Kegiatan untuk memulihkan trauma itu diisi dengan mengajak anak-anak korban gempa Cianjur itu bermain, bernyanyi, hingga mewarnai.
Agar setidaknya mereka dapat melupakan trauma yang dialami anak-anak itu.
"Beberapa anak masih merasa takut karena teringat akan peristiwa tersebut, apalagi beberapa kali masih terjadi gempa susulan walaupun kecil," kata iver dikutip dari suara.com dalam artikel Polwan dari Polda Metro Jaya Sediakan Trauma Healing untuk Anak-anak di Cianjur
Baca Juga: Ini Dia 6 Kabar Hoaks Beredar di Tengah Penanganan Gempa Cianjur, Simak Selengkapnya di Sini!

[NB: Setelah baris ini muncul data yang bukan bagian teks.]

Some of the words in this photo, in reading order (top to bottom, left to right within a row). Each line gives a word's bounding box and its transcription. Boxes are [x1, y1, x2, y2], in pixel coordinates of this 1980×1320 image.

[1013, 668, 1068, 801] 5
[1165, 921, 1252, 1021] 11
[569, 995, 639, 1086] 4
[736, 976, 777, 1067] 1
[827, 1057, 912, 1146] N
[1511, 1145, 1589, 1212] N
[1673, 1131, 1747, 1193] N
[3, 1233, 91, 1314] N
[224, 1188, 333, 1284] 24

"Keluhan lain warga korban bencana ialah mereka masih merasa tidak tenang karena gempa susulan,” tambah Iver pada Kamis (1/12/2022).
Iver Mannosoh juga menuturkan, Polwan juga telah memberikan konseling kepada korban dengan metode hipnoterapi.
"Terdapat sekitar 20 orang yang Polwan tangani, dengan kisaran waktu setengah sampai satu jam setiap orangnya,” terang Iver.
Kaposko Relawan Bakti Polda Metro Jaya Cianjur, Supriyanto, mengatakan bahwa konseling tersebut juga diberikan kepada anggota Bhabinsa yang bertugas di lokasi.
"Beberapa petugas di lapangan seperti para Babhin, juga membutuhkan konseling karena meskipun mereka terdampak bencana, mereka harus tetap berdinas," ujar Supriyanto.
"Mereka masih tidak tenang ketika harus meninggalkan keluarganya dalam situasi yang terus terjadi gempa,” tambahnya.
Pimpinan Relawan Siapbergerak, Zaky Ramadhan, menjelaskan bahwa pihaknya dan Brimob Polda Metro Jaya, hingga kini masih melakukan pelayanan kesehatan kepada korban di lokasi yang terdampak cukup parah.
Salah satunya yaitu si Desa Gasol, Cugenang, Kabupaten Cianjur.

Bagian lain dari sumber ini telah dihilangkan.